HOW TO COMPLETE THIS TASK: Output the listing word for word, minus pictures.

*** DATASET ***

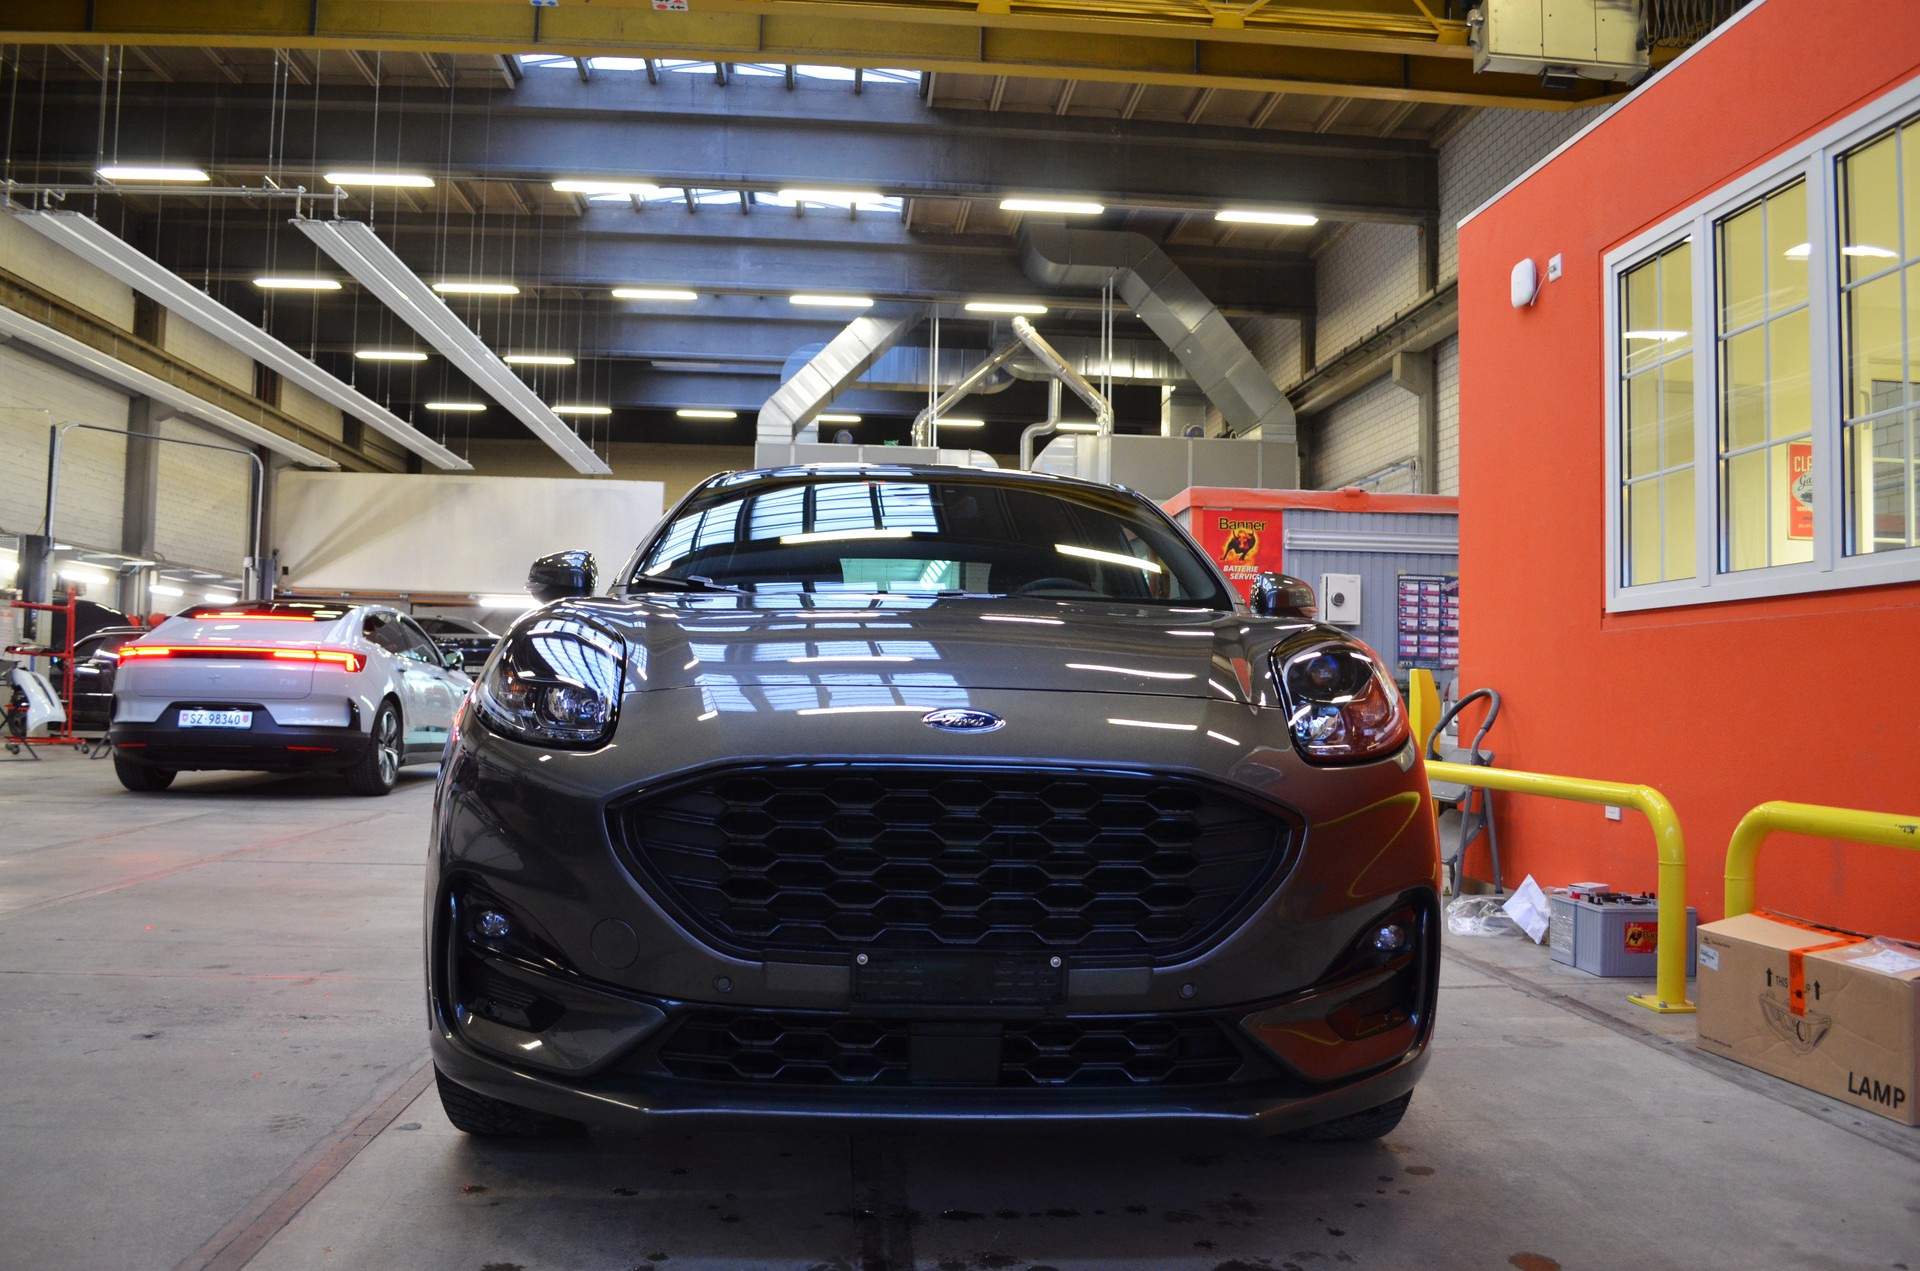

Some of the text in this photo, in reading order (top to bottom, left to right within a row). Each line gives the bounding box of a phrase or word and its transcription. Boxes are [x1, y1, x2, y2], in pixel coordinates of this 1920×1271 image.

[1219, 517, 1267, 531] Banner
[1223, 565, 1259, 573] BATTERIE
[1775, 975, 1788, 989] THIS
[1848, 1070, 1906, 1109] LAMP
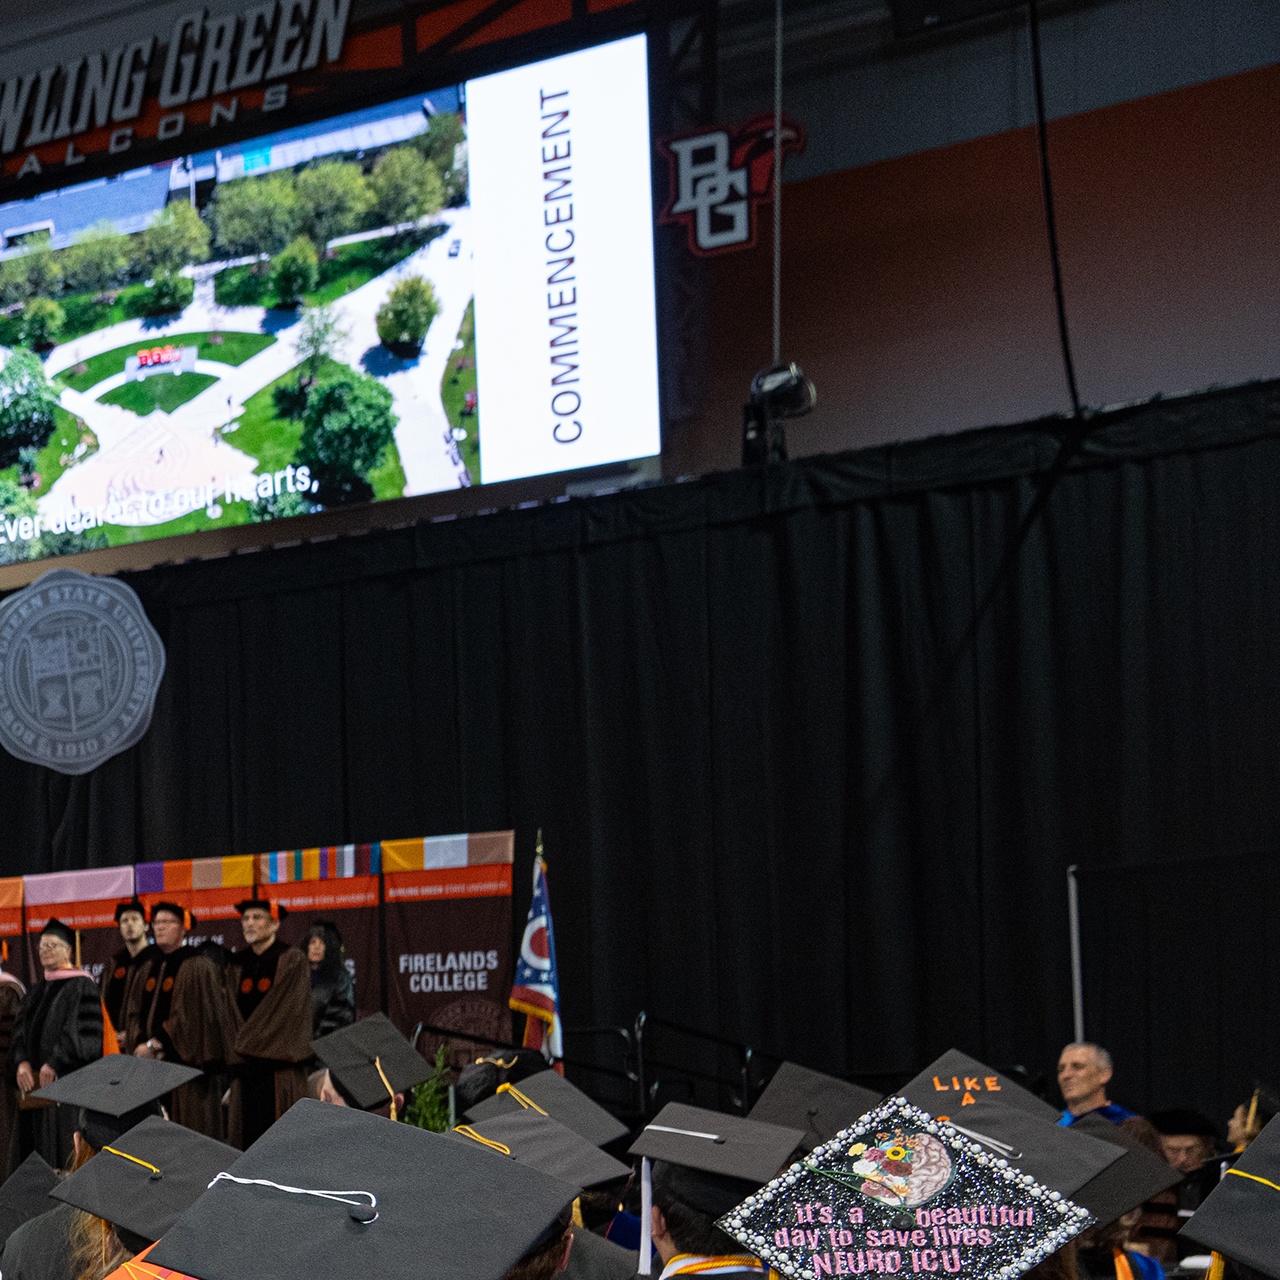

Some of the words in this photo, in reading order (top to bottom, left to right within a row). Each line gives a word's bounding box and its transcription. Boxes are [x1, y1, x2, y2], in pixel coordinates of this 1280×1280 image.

[159, 0, 354, 108] GREEN
[540, 88, 583, 443] COMMENCEMENT
[140, 489, 166, 516] to
[174, 484, 216, 511] our
[398, 951, 499, 973] FIRELANDS
[409, 971, 489, 993] COLLEGE
[932, 1076, 1001, 1092] LIKE
[961, 1091, 976, 1107] A
[795, 1202, 834, 1225] it's
[849, 1205, 865, 1225] a
[916, 1204, 1035, 1229] beautiful
[773, 1228, 821, 1250] day
[829, 1228, 853, 1247] to
[866, 1229, 928, 1247] save
[933, 1227, 994, 1247] lives
[813, 1250, 902, 1277] NEURO
[912, 1248, 962, 1274] ICU

***

SOLUTION BELOW:
Some of the text in this photo, in reading order (top to bottom, left to right within a row). Each line gives the bounding box of a phrase or word and its transcription. Boxes are [x1, y1, x2, y2], in pixel coordinates of this 1920×1271 image.

[1219, 517, 1267, 531] Banner
[1223, 565, 1259, 573] BATTERIE
[1775, 975, 1788, 989] THIS
[1848, 1070, 1906, 1109] LAMP

Some of the words in this photo, in reading order (top to bottom, left to right within a row). Each line gives a word's bounding box and its transcription. Boxes are [x1, y1, x2, y2], in pixel coordinates of this 1280×1280 image.

[159, 0, 354, 108] GREEN
[540, 88, 583, 443] COMMENCEMENT
[140, 489, 166, 516] to
[174, 484, 216, 511] our
[398, 951, 499, 973] FIRELANDS
[409, 971, 489, 993] COLLEGE
[932, 1076, 1001, 1092] LIKE
[961, 1091, 976, 1107] A
[795, 1202, 834, 1225] it's
[849, 1205, 865, 1225] a
[916, 1204, 1035, 1229] beautiful
[773, 1228, 821, 1250] day
[829, 1228, 853, 1247] to
[866, 1229, 928, 1247] save
[933, 1227, 994, 1247] lives
[813, 1250, 902, 1277] NEURO
[912, 1248, 962, 1274] ICU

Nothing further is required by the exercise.